Kayıt dışılıkla savaşım kapsamında meydana getirilen denetimlere ait informasyon veren Şimşek, vergi borçlarının silmiş olduğu iddialarının da doğruyu yansıtmadığına işaret etti. Şimşek, “Meclisimizin kanun düzenlemesiyle ancak alacaklar silinebilir.” ifadesini kullandı.
“AYLIK VE ÜCRETLERDE İYİLEŞTİRMELERLE ENFLASYONUN ÜZERİNDE ARTIŞ YAPILDI”

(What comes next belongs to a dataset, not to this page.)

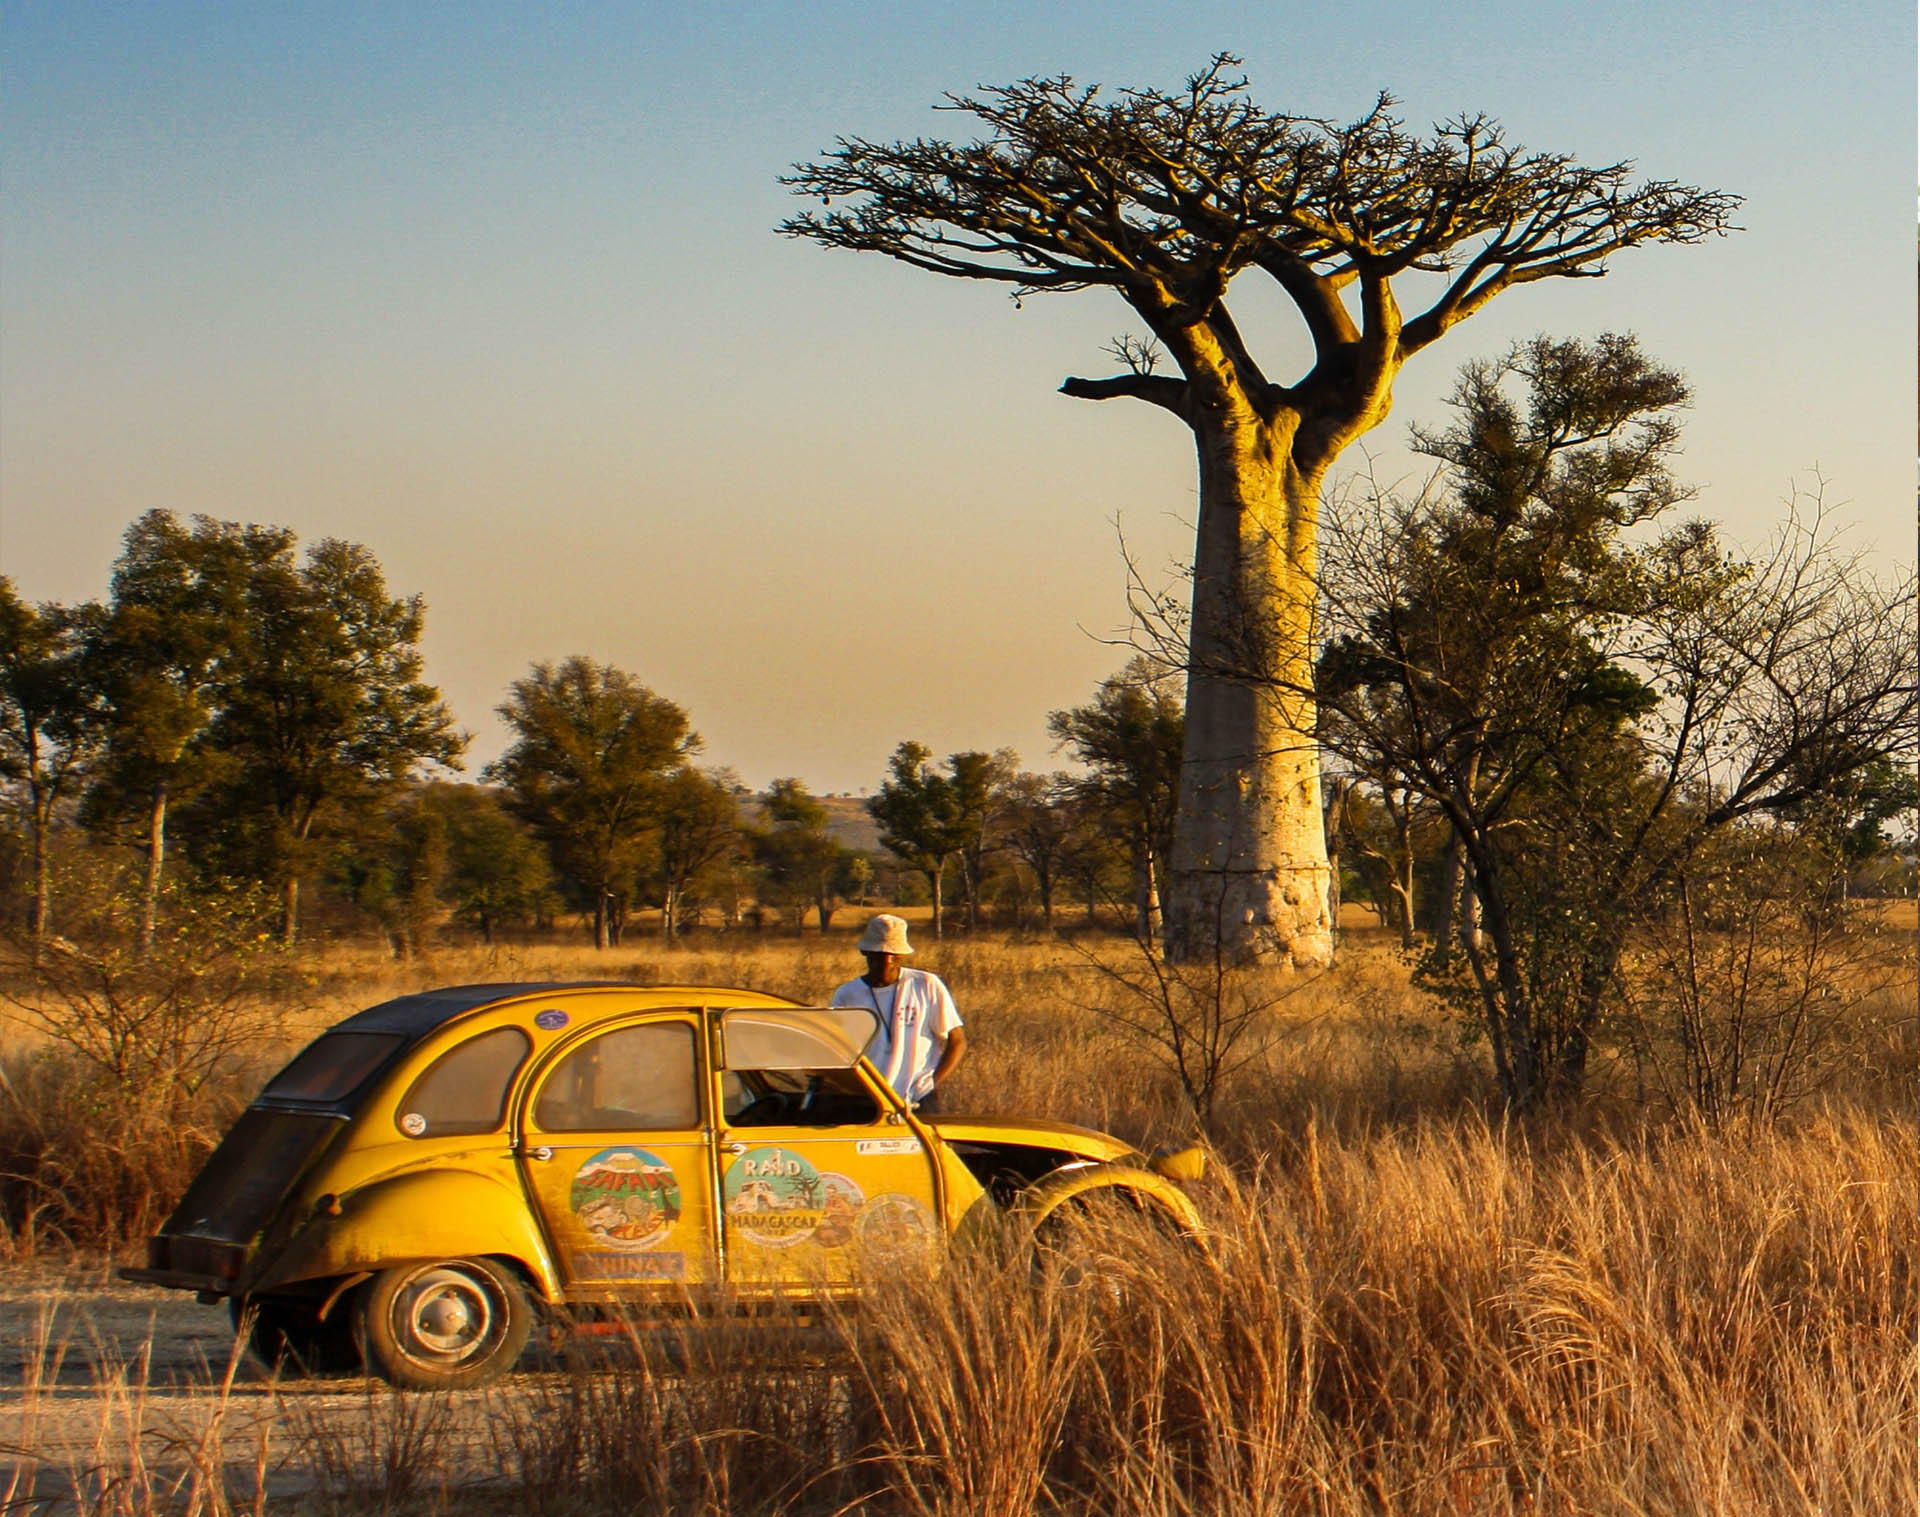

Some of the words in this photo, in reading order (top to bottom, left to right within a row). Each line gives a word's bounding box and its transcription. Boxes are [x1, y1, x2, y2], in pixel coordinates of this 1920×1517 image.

[744, 1157, 801, 1177] RAID
[577, 1168, 678, 1191] SAFARI
[730, 1215, 817, 1229] MADAGASCAR

Bakan Şimşek, çalışanların ve emeklilerin devamlı yanında olduklarını vurgulayarak, aylık ve ücretlerde iyileştirmelere gidildiğini ve enflasyonun üstünde artış yapıldığını söylemiş oldu. Buna ait örnekler veren Şimşek, “Çalışanlarımızı, emeklilerimizi enflasyona ezdirmedik, ezdirmeyeceğiz. Bu programda da hedefimiz bu yönde, değişmedi. Enflasyon şu anda yüzde 47’dir, yıl sonu muhtemelen yüzde 45 olacak. Bu yıl en düşük memur maaş artışı yüzde 78. Enflasyonun 1,7 katı. En düşük emekli aylığı yüzde 68 arttı, enflasyonun 1,5 katı. Asgari ücret de muhtemelen enflasyonun üzerinde seyredecek.” değerlendirmelerinde bulunmuş oldu.
Bütçede öğrencilerin, gençlerin, engellilerin, 65 yaş üzeri büyüklerin, çiftçilerin, esnafın, sanatkarların, çalışanların, emeklilerin ve topluluğun tüm kesimlerinin olduğunu belirten Şimşek, laflarını şu şekilde sürdürdü:
“Temelleri sağlamlaştırmak hususunda önemli mesafeler kaydettik. Küresel ekonomide karşı karşıya kaldığımız meydan okumaların ve ülkemizdeki yapısal sorunların kolay çözümü olmadığını biliyoruz, kabul ediyoruz. Bu sorunları çözmek için uyguladığımız bir program var, bunu kararlılıkla uygulamaya devam edeceğiz. Çünkü amacımız bir taraftan makrofinansal istikrarı tesis etmek, bir taraftan tabii ki temel sorunları çözmektir. Kaynaklarımızı daha verimli kullanarak yatırımı, istihdamı, ihracatı artıracağız. Enflasyon yeni bir sorun değil. 70’lerde, 80’lerde, 90’larda da sorundu. AK Parti döneminde tek haneye indirmiştik, tekrar tek haneye indireceğiz.”
Öte taraftan Bakan Şimşek’in Genel Kuruldaki sunumunu, eşi Esra Şimşek de dinleyici locasından izledi.